Look up the parts diagram for the snowblower and one of the parts sheets will probably have a wiring diagram of the electrical safety system wiring.


You may also have a keyed ignition switch where (if it isn't broken) turning the key to off will ground the ignition, and also moving the lever all the way back past slow may also ground the ignition, killing the engine.


----------



## AnOldGearhead (Nov 18, 2017)

Forgot to mention that I haven't modernized any of the safety stuff but did make sure it works correctly.


The chute crank is so slow, as you wrote, that I'll probably motorize my chute and deflector once I decide on just how I want to do that. I want to make sure that if something breaks on the motorized system that I can quickly and easily revert to manually turning the chute and moving the deflector, because it will most certainly break when I am blowing snow.


----------



## amuller (Jan 3, 2016)

I wrote a long reply and it went away when I tried to post it. I should know by now to *always* make a copy first.


Mini-version:


"traction assembly" 31760
"auger assembly" 31260


This one has never had any electrical interlocks.


I think the biggest improvements in convenience of use would be better chute and deflector control. How to do it is not clear to me. I see that most new machines seem to control the chute from the top. Could put a cheap battery drill on the shaft?


I'm an old fart and it would be nice to be able to control the machine without having to lean over and crank away, or stop the machine and walk around to adjust the deflector....


Alan


----------



## AnOldGearhead (Nov 18, 2017)

*Deflector rubber washers:*
Now that I know the model number I was able to look up the parts list for yours, and I didn't see the two rubber washer between the chute and deflector shown like I have on mine (I have a 38150 model 826 from 1979). The Toro part number for the rubber washer is 20-4320 and the site I looked at wants $4.53 each. I'm sure if you look in the plumbing section of your big-box home center you'll find some that aren't so pricey. Even garden hose washers would probably work.


I'm about 6' tall so I just lean forward over the dashboard and engine to adjust the deflector up or down. I have the bolts pretty tight so the force of the snow impinging on the deflector won't move it out of adjustment, so I have to hit it with my hand pretty good for it to move.



*Chute control:*
You could cut the z-bend of the handle off and just chuck a cordless drill on the end of what now would be a straight shaft, but I don't think I'd do it that way unless I had a spare handle first.


Or you could get some solid rod to match the crank handle (mine looks to be 3/8"), drill a hole in one end, drive out the roll pin that holds the worm to the existing handle, put the worm onto your new straight shaft, and chuck your drill to that. This way you don't ruin your crank handle by cutting it up.


*Deflector Control:*

If you want to motorize the deflector, you could use a rear wiper motor assembly from a minivan. You might want to look for one that has the reversing action built in, like one from a early 2000's Dodge Caravan and other Mopar minivans.
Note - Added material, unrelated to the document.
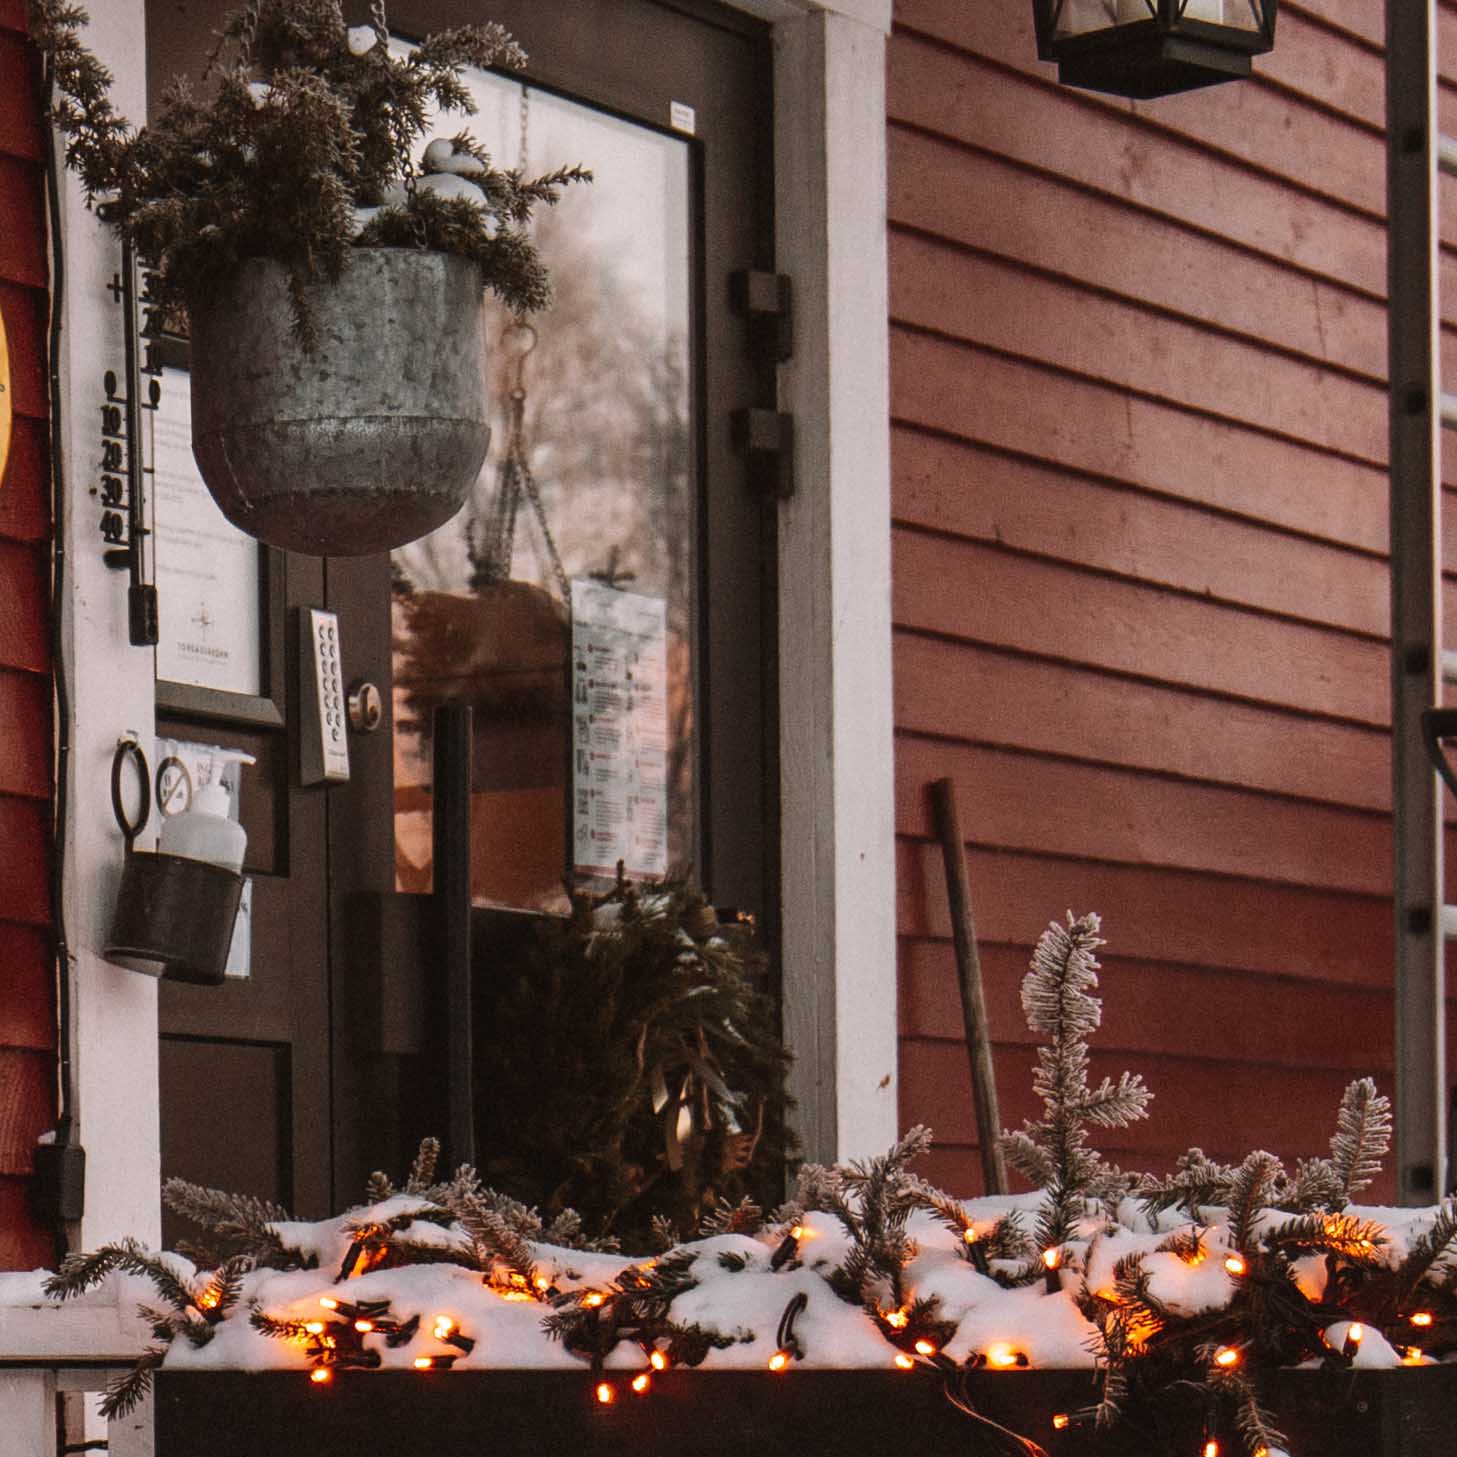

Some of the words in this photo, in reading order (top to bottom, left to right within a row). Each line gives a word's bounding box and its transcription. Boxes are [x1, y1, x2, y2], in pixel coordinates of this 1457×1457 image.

I'd also suggest getting the connector from the tailgate (5th / rear door) wiring harness too (the motor assembly will already have a connector). You might want to get the wiper arm too.
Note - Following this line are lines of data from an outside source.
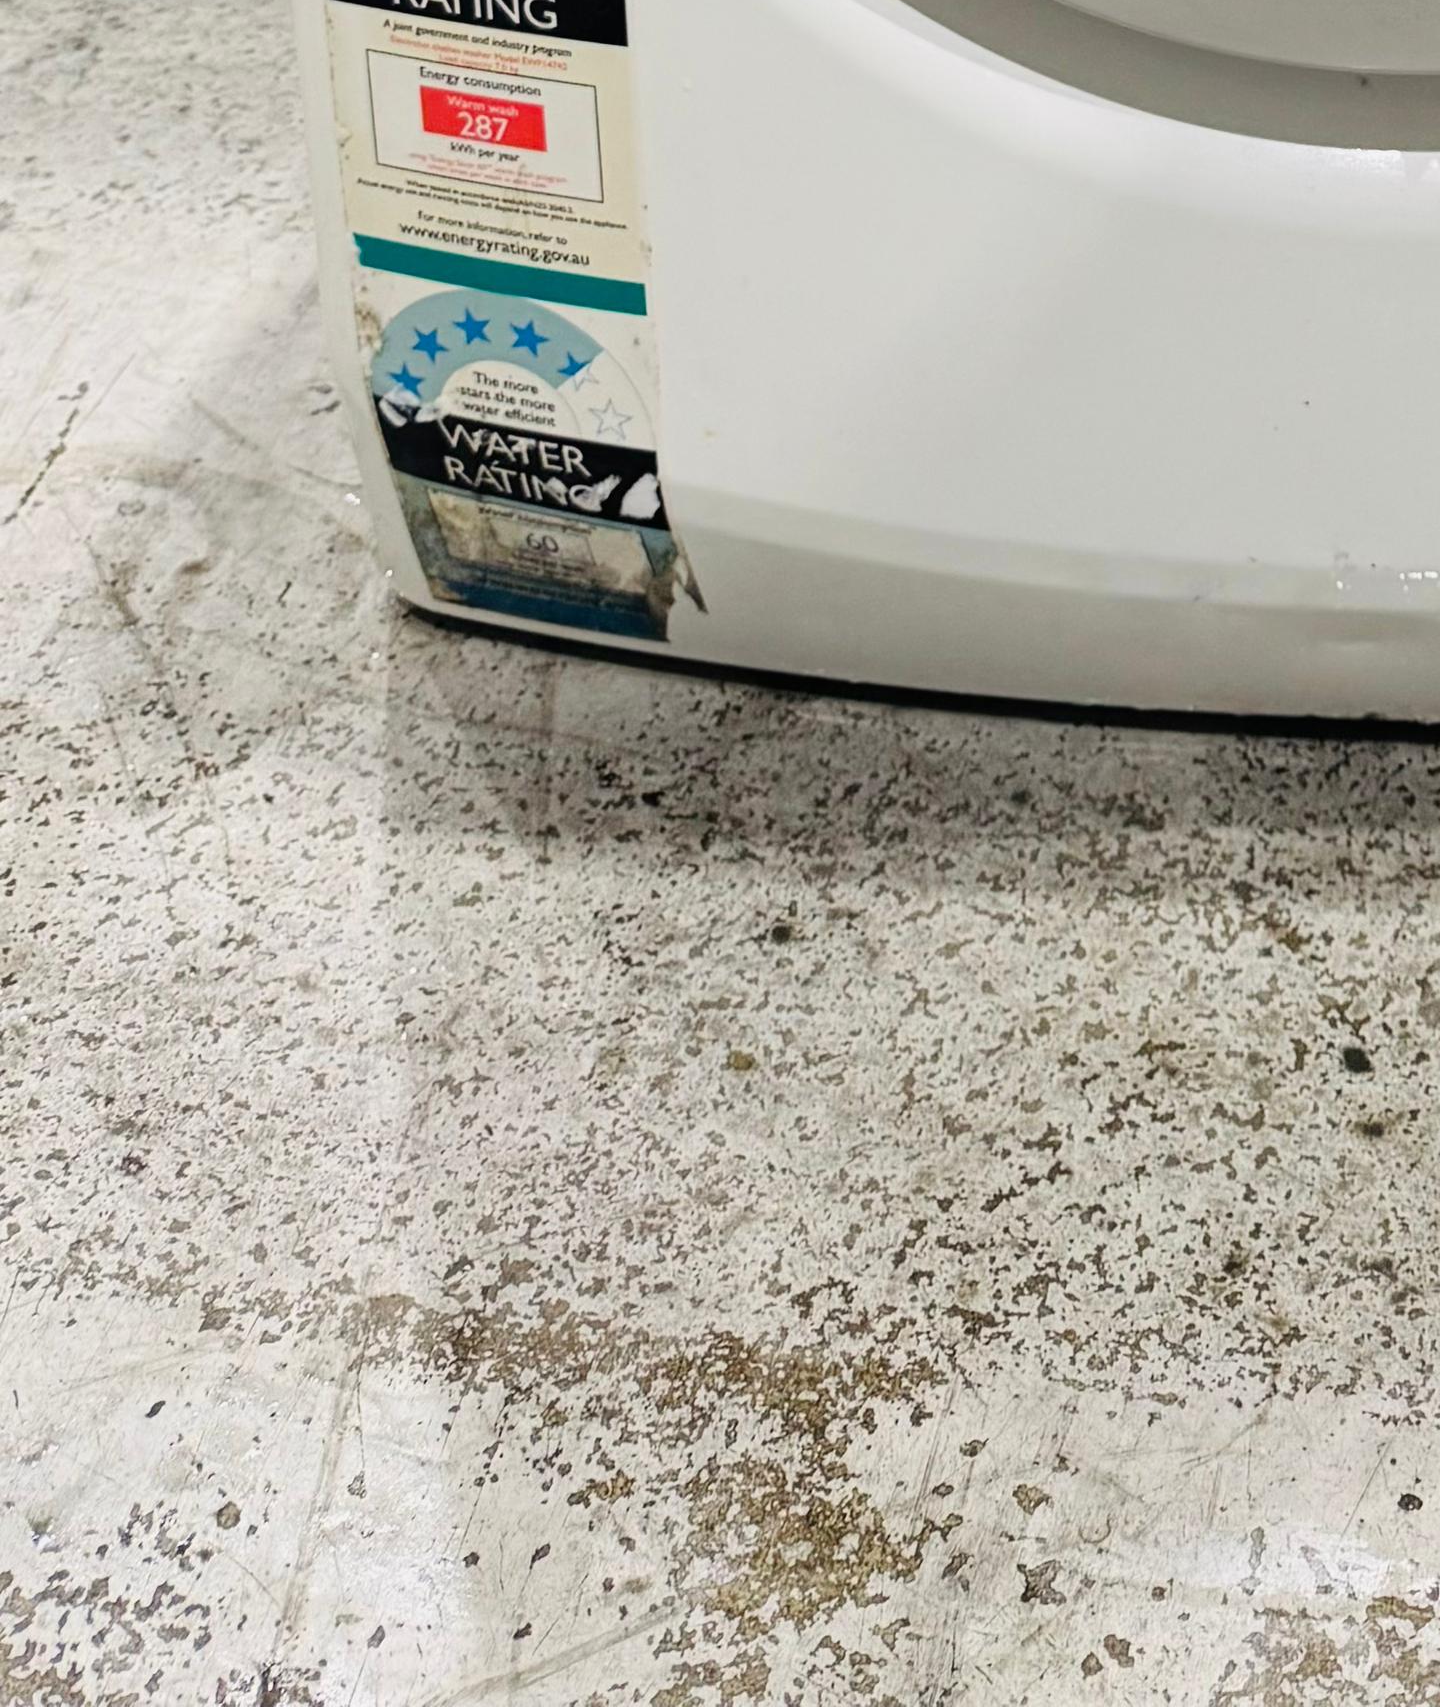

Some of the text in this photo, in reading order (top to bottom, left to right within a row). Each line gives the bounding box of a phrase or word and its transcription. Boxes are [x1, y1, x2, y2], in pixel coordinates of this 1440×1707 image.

[491, 38, 529, 54] industry
[419, 66, 541, 96] Energy consumption
[447, 95, 519, 118] Warm wash
[457, 111, 510, 142] 287
[398, 222, 590, 266] www.energyrating.gov.au
[556, 237, 568, 246] to
[472, 371, 539, 394] The more
[459, 387, 556, 412] stars the more
[463, 402, 556, 427] water efficient
[438, 415, 592, 477] WATER
[526, 532, 560, 554] 60
There are a few videos on YouTube of how people have motorized their chutes, maybe they will give you some more ideas.


*Safety Switches*
Some of the sidewalk and driveway here has a decent slope to it. I'd hate to slip and fall, then have the snowblower keep going before I could get back up and catch it, so I'm glad my snowblower has them.


----------



## amuller (Jan 3, 2016)

Again, I wrote a reply and it went away when I tried to post it. Once more:


Thanks for the reply!



My parts breakdown shows a metal washer under the lock nut on each side but not a rubber washer between the chute and deflector. I'll try it.


As for safety, I'm thinking of two approaches that would be pretty easy to install:


A deadman switch with lanyard as used on ourboard motors. https://www.amazon.com/d/Motorcycle-Switches/Sea-Dog-420488-1-Switch-Lanyard/B00DH3QHBI


A magnetic switch with magned and lanyard as used on treadmills.


What do you think?


Alan


----------



## AnOldGearhead (Nov 18, 2017)

I don't have any real experience with either type of safety switch, so I don't know which would be better, an outboard type kill cord or a magnetic red switch. My initial thought is to favor a fully encapsulated reed switch, but that is without having sufficiently educated myself.


I'll look again at how the throttle mechanism kills the engine then the throttle is moved from Fast to past Slow. I think it grounds out the ignition but haven't looked since over a year ago.



I think that something reliable would always be better than no deadman switch at all.


----------